Apnée du sommeil et Didgeridoo

Sommeil / Maladies Respiratoires

Interview de Gauthier Aubé, joueur de didgeridoo, qui nous présente cet étrange instrument et nous explique comment en jouer peut aider au traitement de l'apnée du sommeil.

Quelques mots sur vous, pourquoi cet instrument ? 

J’ai commencé le didgeridoo à 18 ans (2001). A l’époque, j’avais arrêté le lycée car je m’y ennuyais profondément. J’ai découvert le didgeridoo un mois après. J’ai très rapidement su que j’en ferais mon métier. Je cherchais un instrument qui change un peu de l’ordinaire, et mon frère jumeau m’a un jour ramené un album avec du didgeridoo. Il me l’a tendu et m’a dit : « Il y a du didgeridoo dedans, ça devrait te plaire. ». Bonne intuition ! 

J’ai été dès le début passionné, j’ai donc beaucoup joué et en toute logique, j’ai rapidement progressé.
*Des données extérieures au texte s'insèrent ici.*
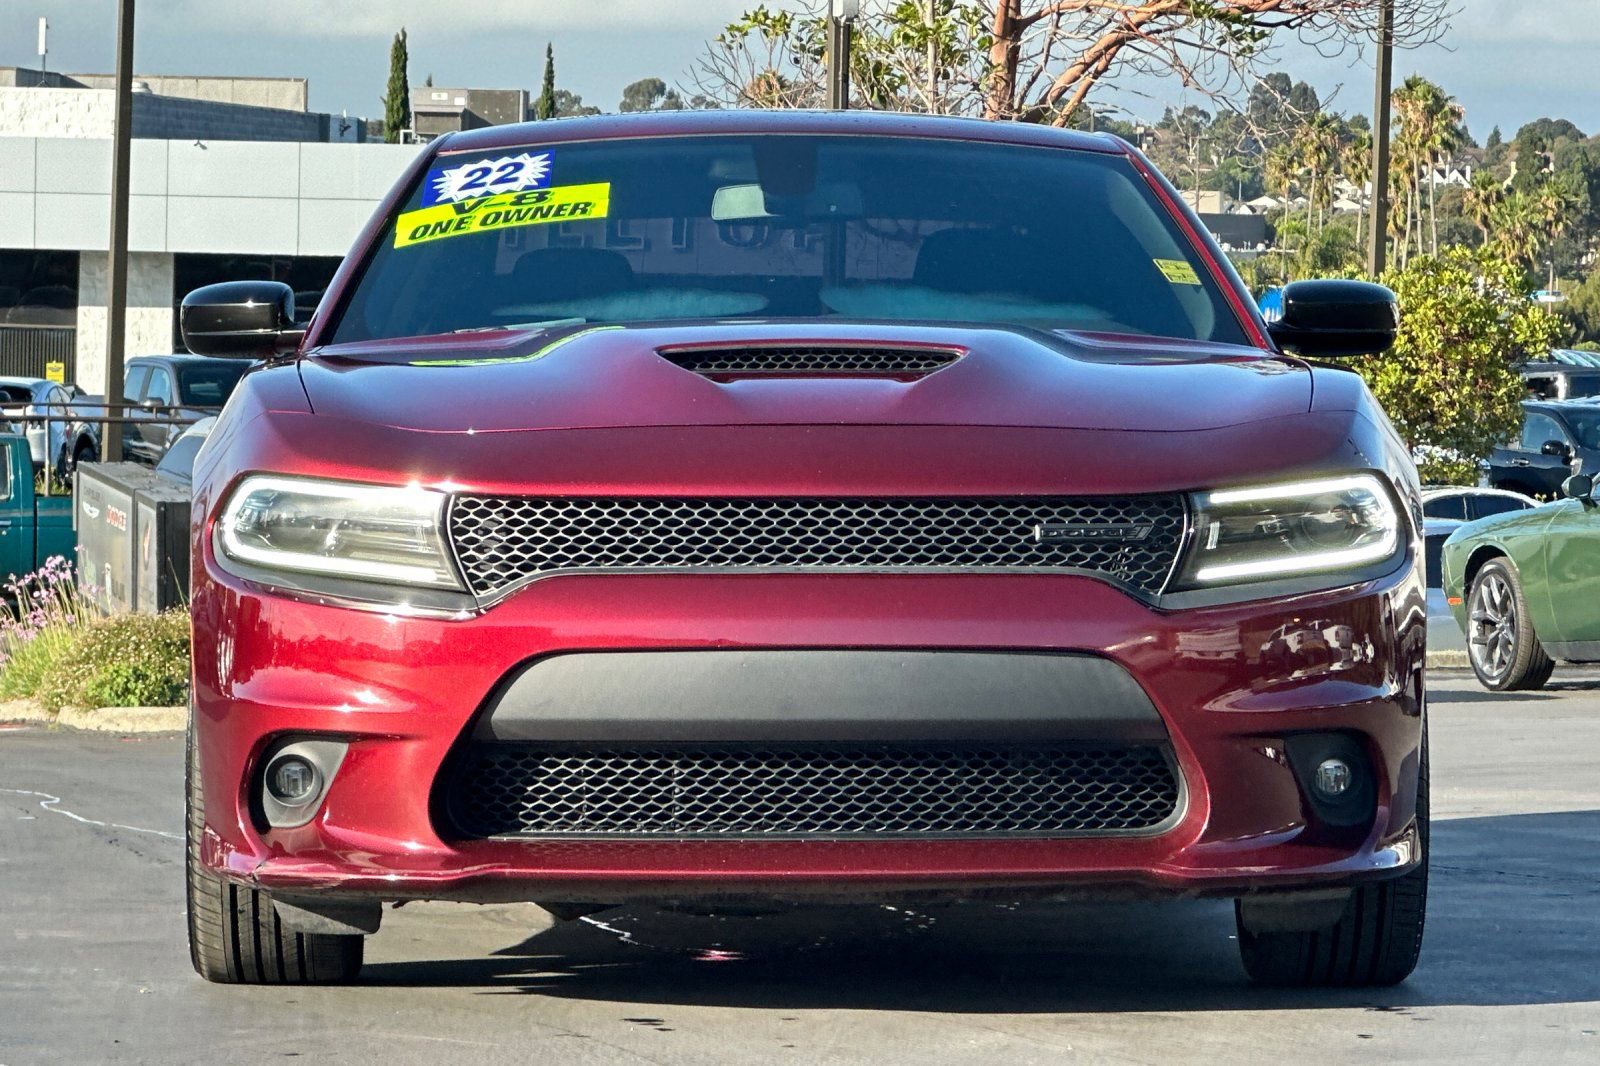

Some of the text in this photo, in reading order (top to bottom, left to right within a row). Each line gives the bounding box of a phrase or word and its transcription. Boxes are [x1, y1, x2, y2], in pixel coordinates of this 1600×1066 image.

[457, 161, 525, 192] 22
[451, 191, 553, 216] V-8
[408, 215, 476, 241] ONE
[479, 201, 595, 227] OWNER
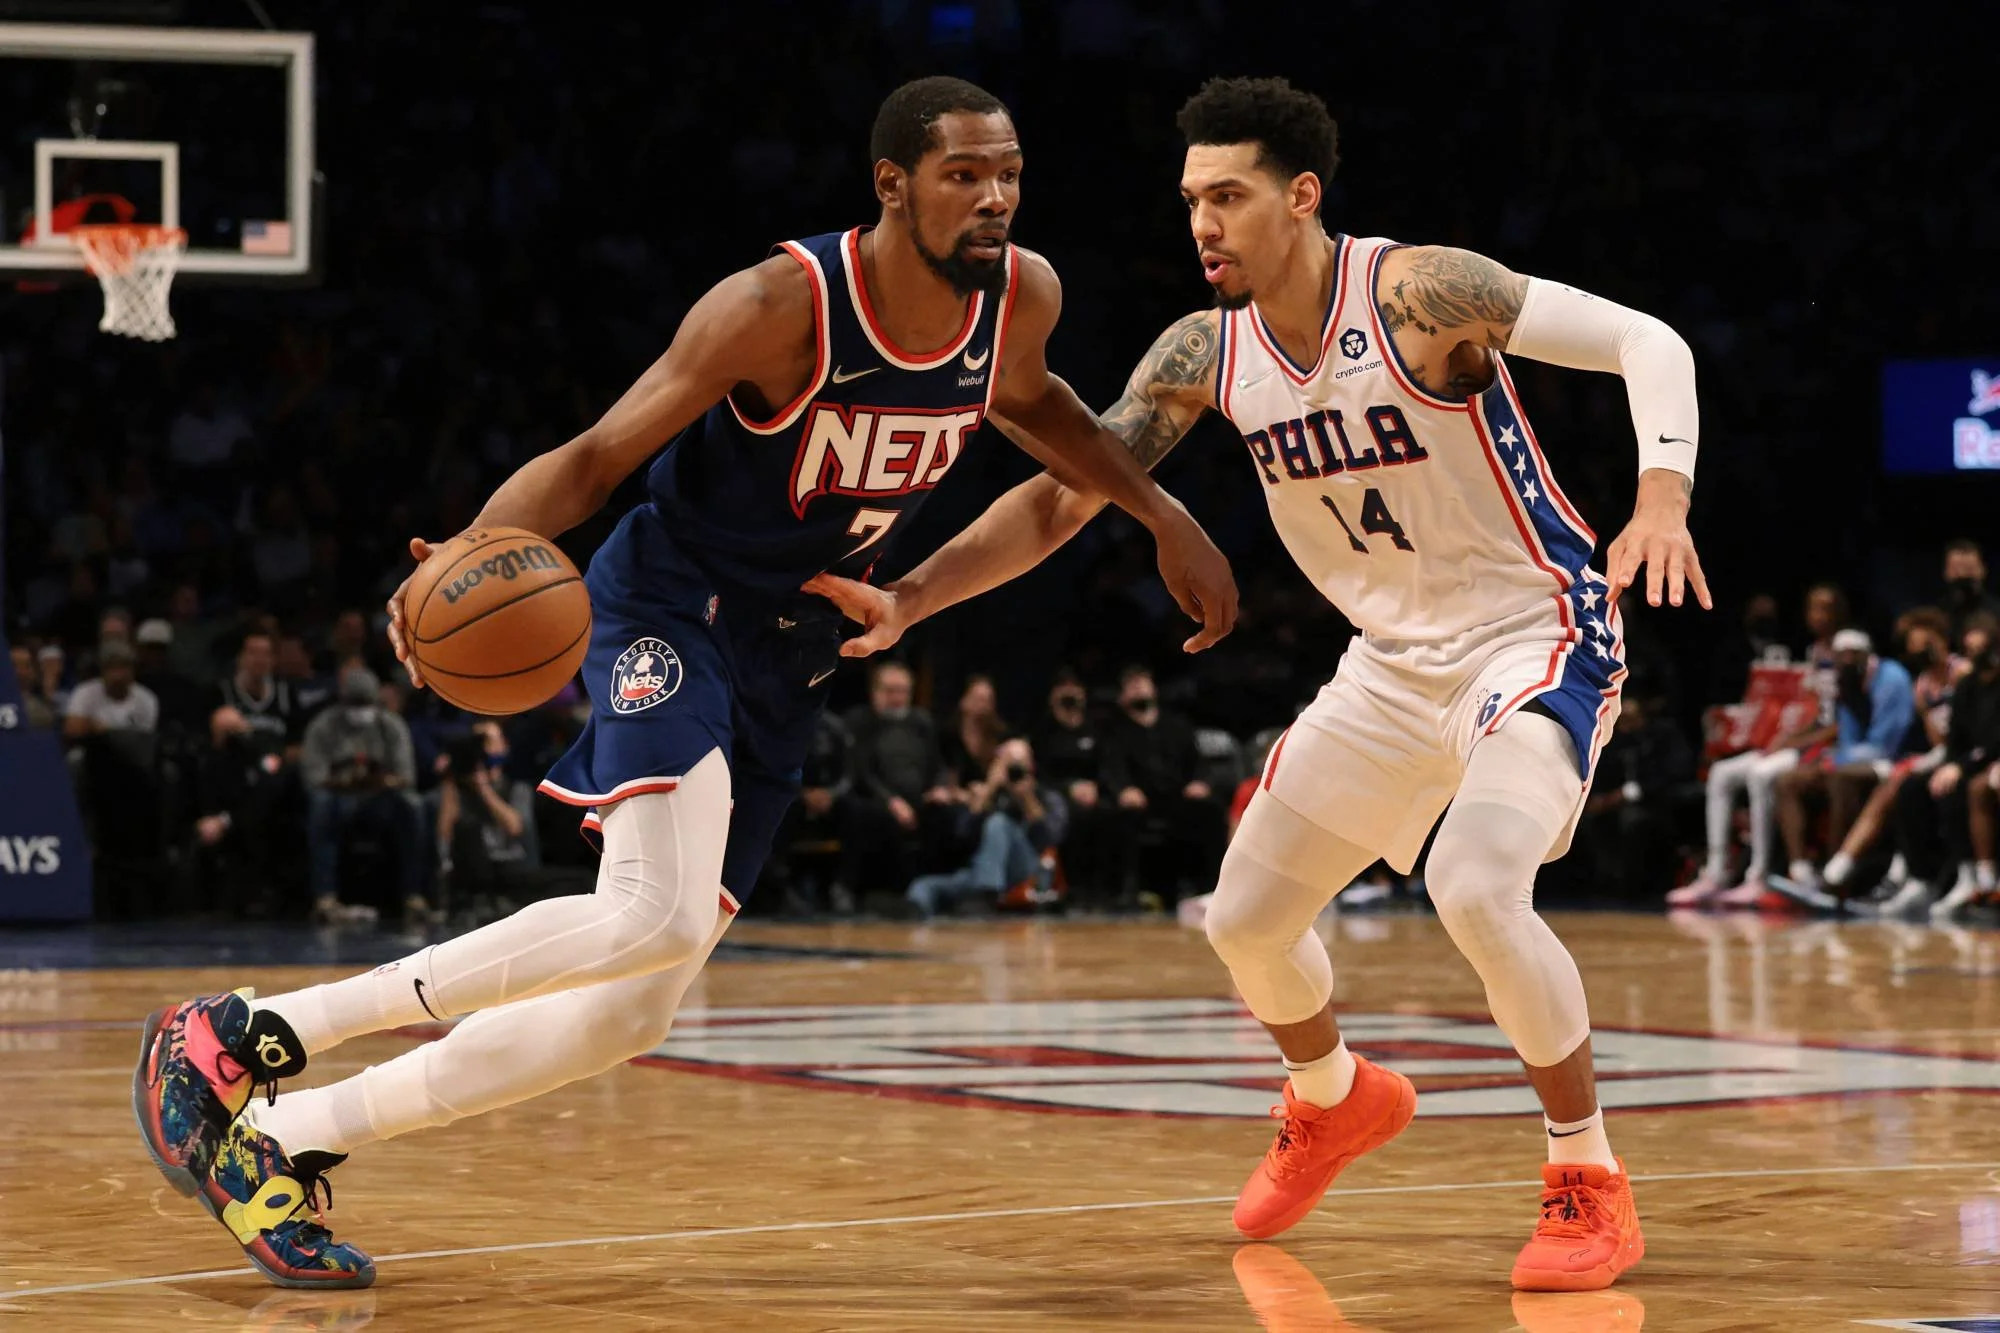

Je me suis forgé mon propre style et de fil en aiguille les joueurs ont commencé par me demander des conseils, puis des cours, et enfin des concerts et des stages. Voilà comment tout cela à commencer. Le lien avec les apnées du sommeil est arrivé bien plus tard. C’est en 2008, quand je donnais mes cours dans une MJC à Dijon que Robert est venu apprendre le didgeridoo pour soigner ses apnées. Et puis d’autres sont venus. Après toutes ces années, on me demande de plus en plus de cours pour tenter de soigner les apnées. Ce qui me plait dans cette approche, c’est de voir tout le panel qu’à le didgeridoo. Il est loin de n’être « qu’un » instrument de musique. Il a tellement a apporté. 

Posons le cadre, qu’est ce qu’un didgeridoo ?  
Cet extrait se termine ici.